De leden van de BBB-fractie vragen verder of de in het verslag genoemde middelen ook evenredig beschikbaar zijn gesteld aan kleinere gemeenten die kampen met capaciteitsproblemen om woningbouwplannen überhaupt van de grond te krijgen. Bestaan er specifieke ondersteuningsregelingen of programma’s voor deze gemeenten?

Er is nog € 40 miljoen aan Flexpoolmiddelen beschikbaar tot en met 2026 (met eventuele verlenging van maximaal één jaar). Deze Flexpoolregeling wordt uitgevoerd door de provincies en de middelen kunnen worden ingezet voor versterking van uitvoeringskracht bij gemeenten met een woningbouwopgave. Deze regeling is voor alle gemeenten met een woningbouwopgave: er is geen aparte regeling voor gemeenten met bepaalde specifieke eigenschappen (zoals inwonersaantal).
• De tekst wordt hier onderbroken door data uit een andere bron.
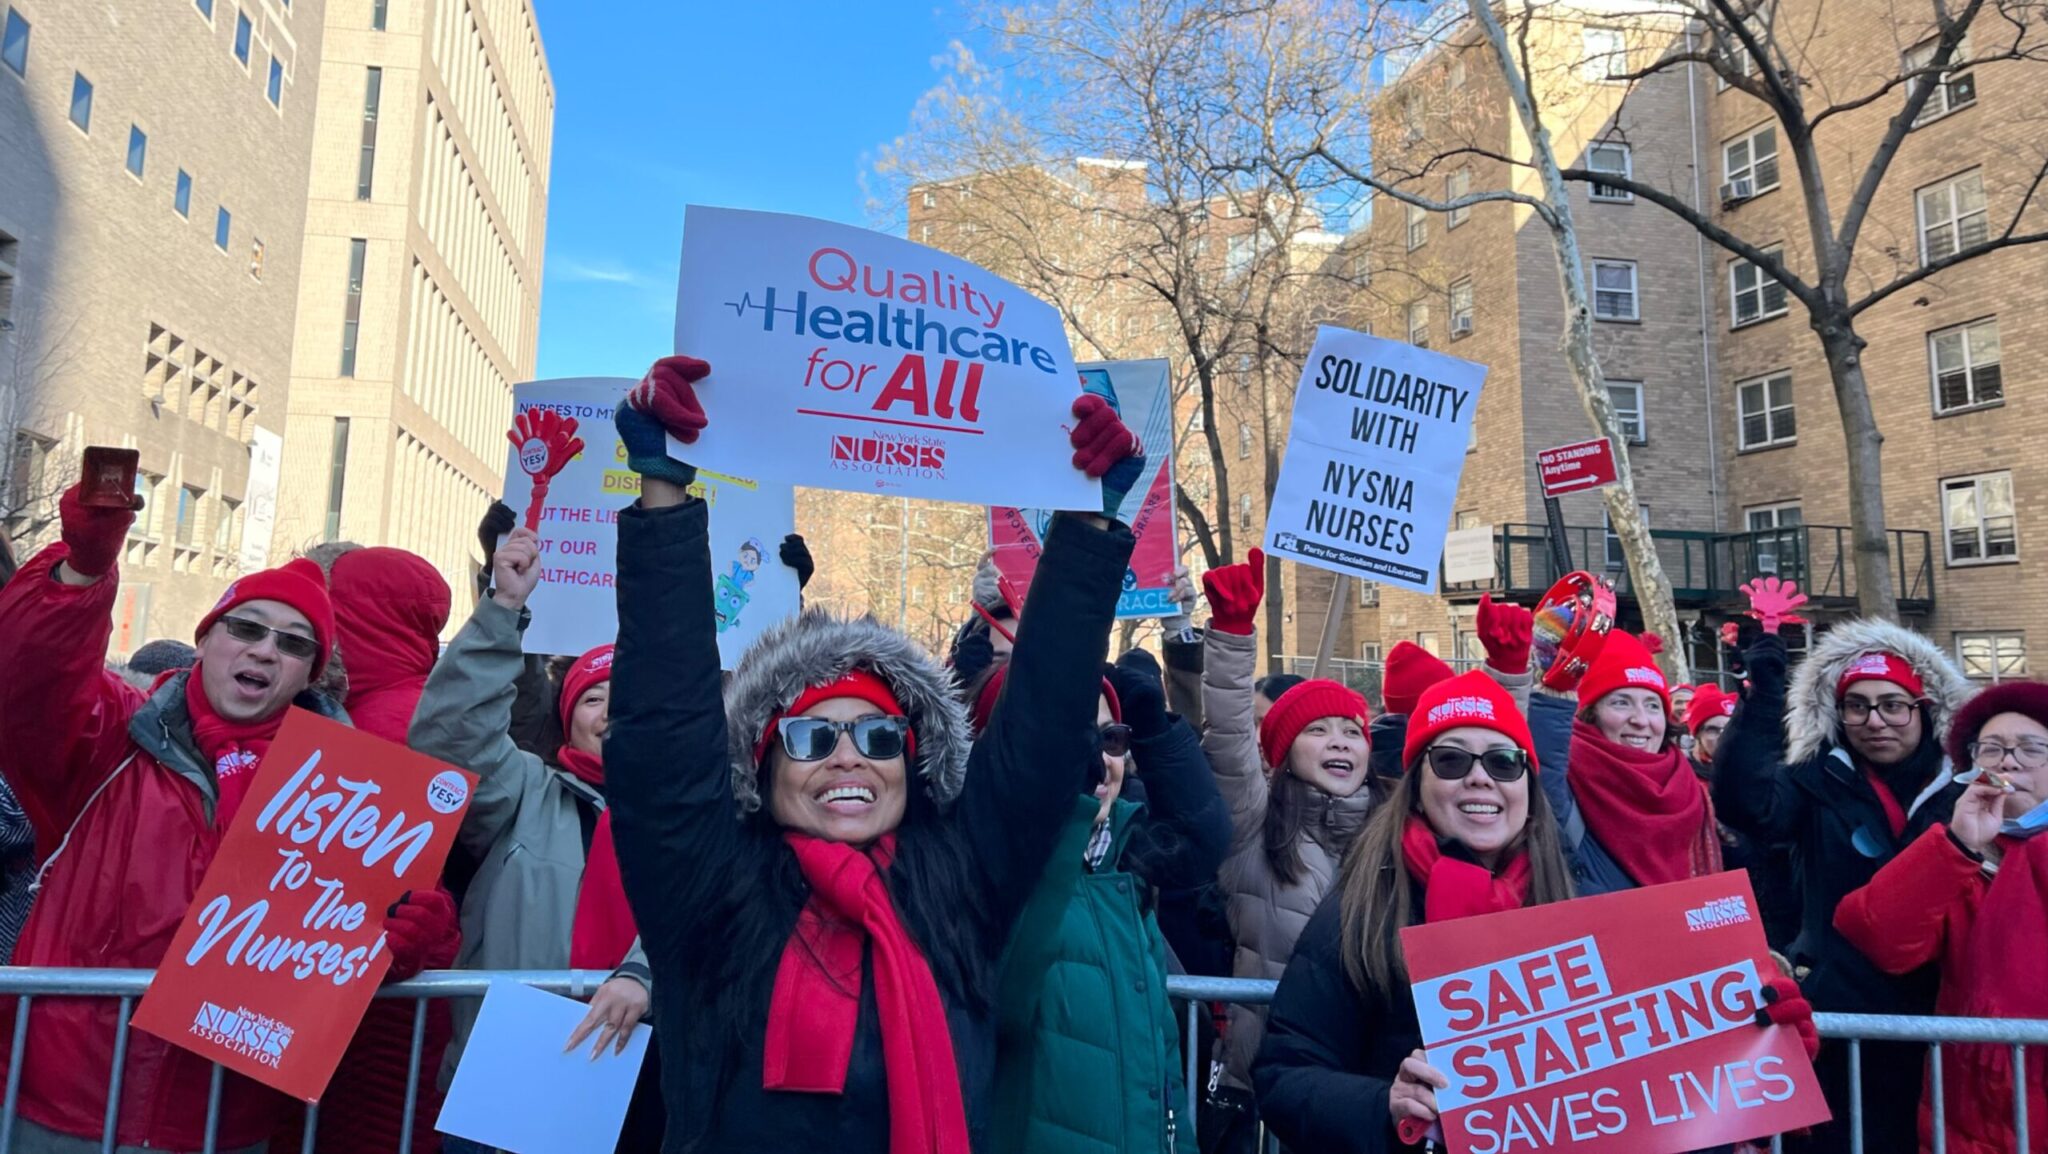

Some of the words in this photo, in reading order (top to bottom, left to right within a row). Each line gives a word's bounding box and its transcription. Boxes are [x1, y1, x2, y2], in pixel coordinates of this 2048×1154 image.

[808, 247, 1005, 329] Quality
[763, 286, 1058, 374] Healthcare
[804, 347, 878, 392] for
[871, 354, 985, 422] All
[1315, 354, 1469, 423] SOLIDARITY
[575, 406, 593, 418] TO
[1351, 406, 1419, 454] WITH
[831, 435, 946, 469] NURSES
[872, 430, 896, 441] New
[898, 433, 920, 444] York
[922, 436, 946, 447] State
[1541, 454, 1555, 465] NO
[1556, 445, 1601, 462] STANDING
[523, 454, 541, 467] YES
[830, 460, 945, 480] ASSOCIATION
[1545, 461, 1581, 475] Anytime
[1322, 460, 1414, 513] NYSNA
[560, 508, 592, 522] THE
[1004, 510, 1040, 560] ROTECT
[1305, 499, 1414, 555] NURSES
[560, 541, 597, 556] OUR
[1303, 544, 1325, 557] Party
[1325, 548, 1338, 559] for
[1338, 553, 1373, 568] Socialism
[1373, 562, 1387, 572] and
[1387, 564, 1422, 580] Liberation
[430, 783, 454, 804] YES
[269, 849, 311, 891] To
[303, 877, 365, 931] The
[1685, 898, 1747, 926] NURSES
[1689, 914, 1752, 932] ASSOCIATION
[186, 894, 388, 985] Nurses!
[1439, 944, 1601, 1032] SAFE
[194, 1001, 293, 1057] NURSES
[236, 1005, 257, 1021] New
[258, 1013, 274, 1029] York
[1452, 970, 1758, 1099] STAFFING
[189, 1024, 281, 1069] ASSOCIATION
[1464, 1087, 1628, 1154] SAVES
[1641, 1056, 1796, 1126] LIVES
In de toekomstige regelingen is ook budget opgenomen voor versterking van uitvoeringskracht bij medeoverheden. Binnen de circa € 2,5 miljard van de Realisatiestimulans is circa € 900 miljoen van voor specifieke opslagen. Een deel daarvan is bestemd voor het versterken van de ambtelijke capaciteit van medeoverheden. Tijdens de Woontop is met de medeoverheden en marktpartijen afgesproken toe te werken naar structurele oplossingen om de uitvoeringskracht bij medeoverheden te versterkten. De VNG en IPO hebben gevraagd om samen met VRO een programma op te zetten dat deze uitvoeringskracht gaat bieden aan gemeenten en provincies. Het doel is ambtelijke capaciteit en deskundigheid bij gemeenten en provincies structureel te versterken.
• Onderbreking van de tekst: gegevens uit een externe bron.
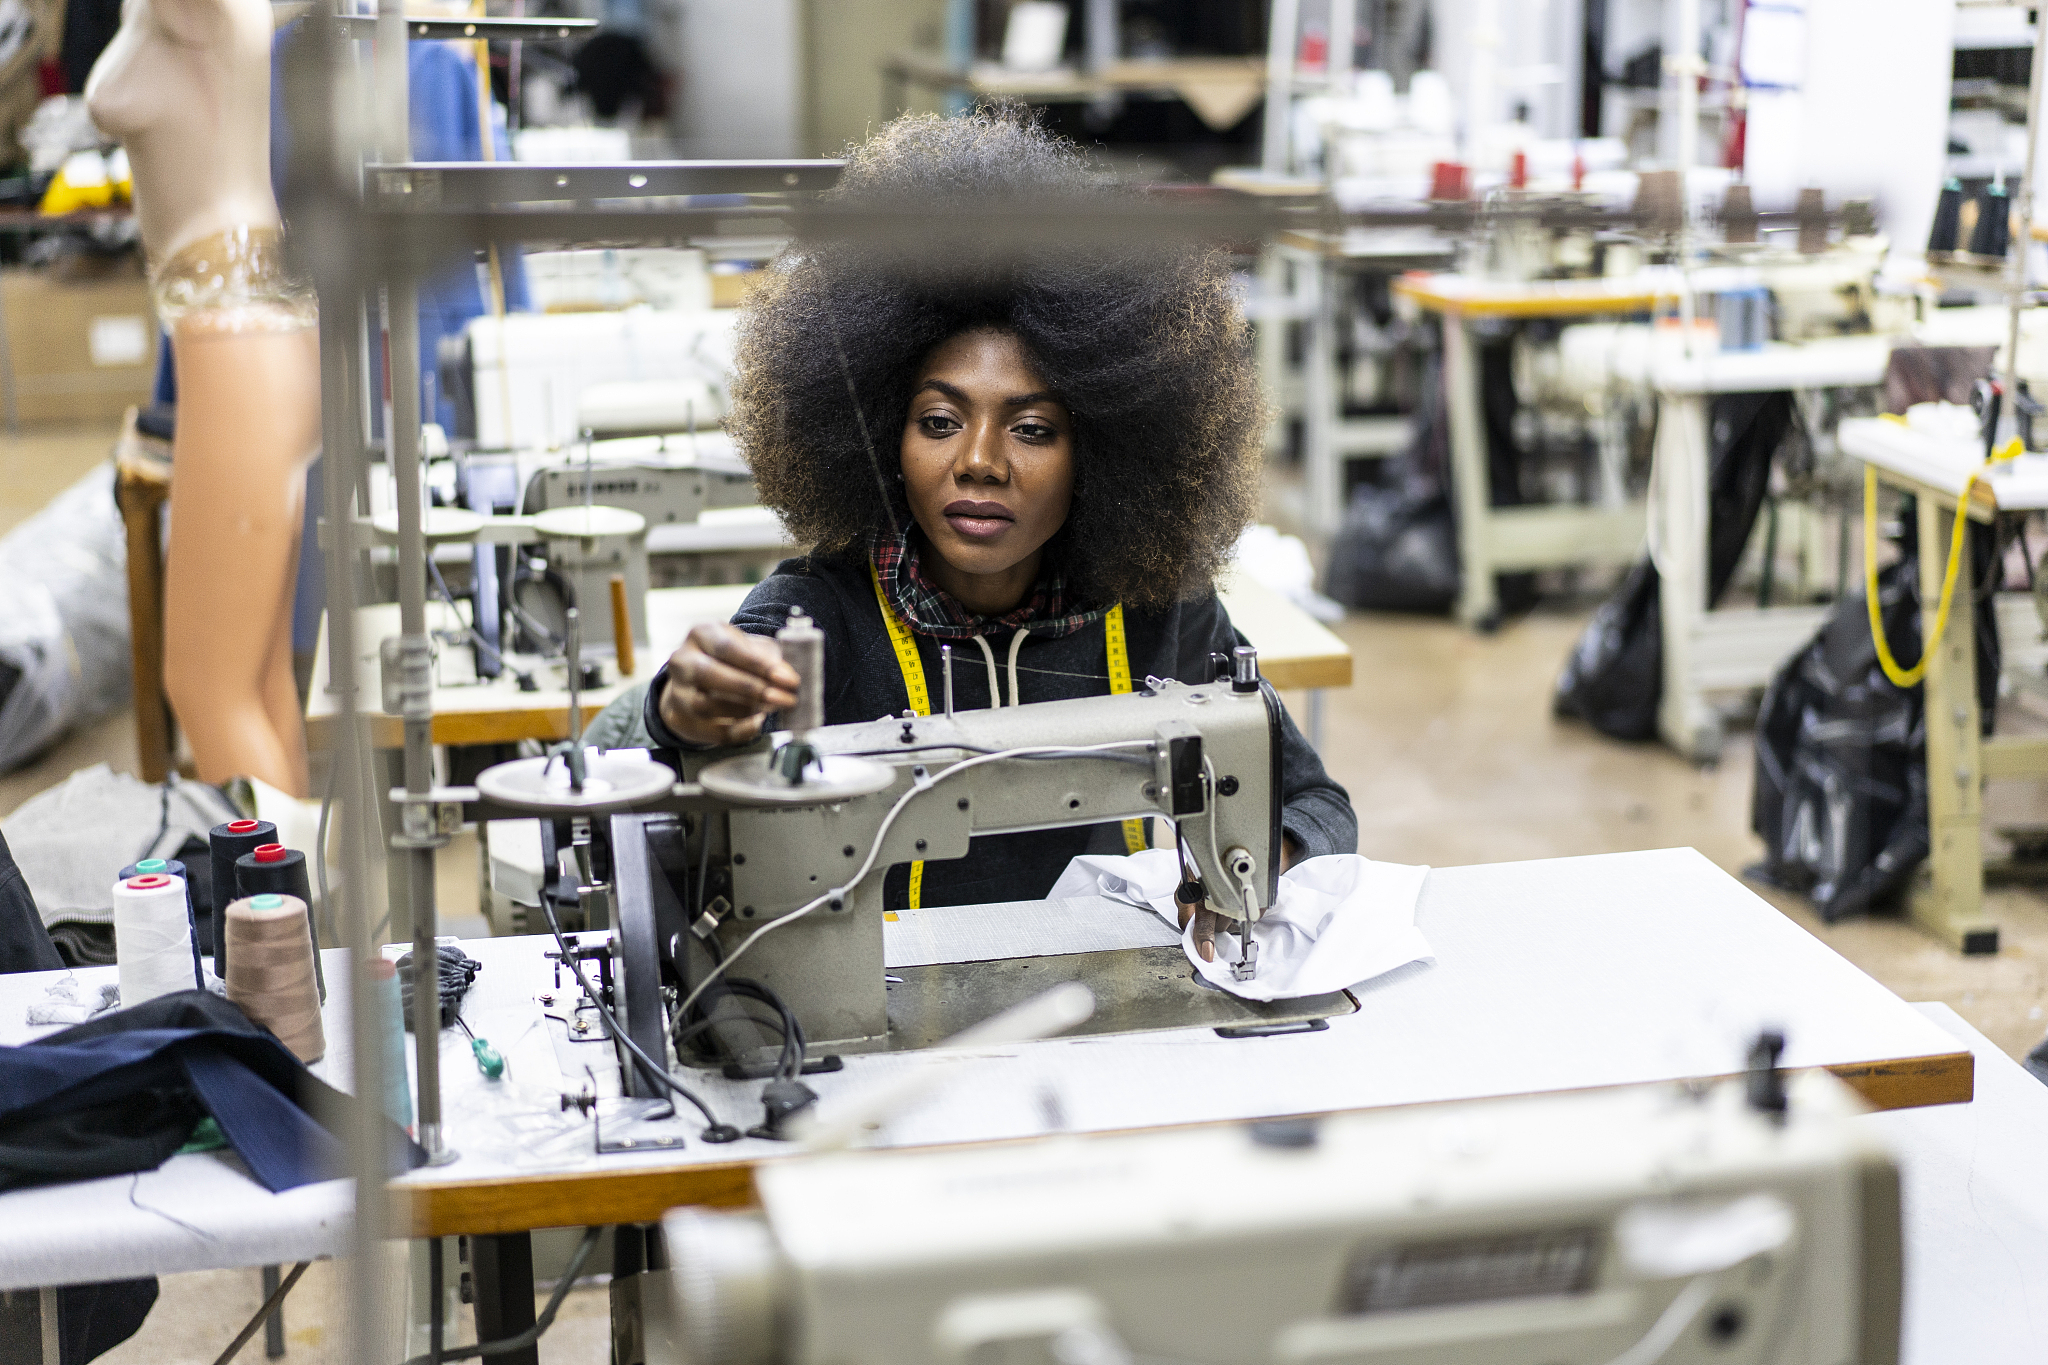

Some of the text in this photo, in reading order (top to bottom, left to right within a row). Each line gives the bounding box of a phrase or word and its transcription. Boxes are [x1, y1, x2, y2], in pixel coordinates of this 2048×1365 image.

[897, 626, 905, 634] 51
[904, 649, 912, 657] 49
[908, 661, 915, 669] 48
Hoewel deze leden het belang onderschrijven van goede ruimtelijke keuzes, hebben zij zorgen over de balans tussen centrale regie en lokale autonomie. In hoeverre worden provincies en gemeenten daadwerkelijk in de lead gelaten bij het vormgeven van NOVEX-gebieden en de Nota Ruimte? Kunnen gemeenten voorstellen uit de regio afwijzen of aanpassen indien deze niet aansluiten bij hun draagvlak of ruimtelijke mogelijkheden?

De Nota Ruimte is de nationale omgevingsvisie van het Rijk. Net als dat provincies een provinciale omgevingsvisie en gemeenten een gemeentelijke omgevingsvisie opstellen. In de Nota Ruimte komen alle grote, nationale ruimtelijke opgaven en keuzes in de fysieke leefomgeving samen. De Nota Ruimte is als beleidsdocument zelfbindend voor het Rijk. Voor de medeoverheden is de Nota Ruimte niet direct bindend, maar nationale keuzes kunnen uiteraard wel directe doorwerking hebben naar medeoverheden en in sommige gevallen is het nationale belang dermate groot dat dit ook juridisch zal worden verankerd (denk bijvoorbeeld aan het verbod op hyperscale datacentra). De ruimte is immers schaars en niet alles kan overal. Daarom neemt het Rijk nu de regie op de nationale ruimtelijke keuzes. Deze keuzes kunnen juist ook helpen in het bepalen van de provinciale en lokale ontwikkelingen. Provincies, gemeenten en waterschappen kennen de lokale context het beste en kunnen aangeven wat de Nota Ruimte betekent op lokaal niveau. Ik werk dan ook intensief samen met de provincies, gemeenten en waterschappen aan de invulling van de opgaven van ons land.

Rijk en regio werken ook intensief samen in het programma NOVEX, dat twee samenhangende sporen kent. Ten eerste het spoor Regie per provincie waarbij Rijk en provincies afspraken maken in de ruimtelijke arrangementen. Provincies stemmen de inhoud van de ruimtelijke arrangementen af met gemeenten en waterschappen in hun regio’s. Ten tweede het spoor NOVEX-gebieden: 16 NOVEX-gebieden waar de opgaven zo groot en gestapeld zijn dat ze vragen om gezamenlijke regie door Rijk en regio. Hierbij werken Rijksoverheid, regio, provincies, gemeenten en waterschappen samen.

Tijdens de Bestuurlijke Overleggen Leefomgeving (BOL’s) van begin juni jl. zijn voor bijna alle provincies de Ruimtelijke Arrangementen en een aantal uitvoeringsagenda’s vastgesteld. Dit is het resultaat van intensieve samenwerking tussen Rijk en regio en wordt vervolgd door het BO MIRT in het najaar.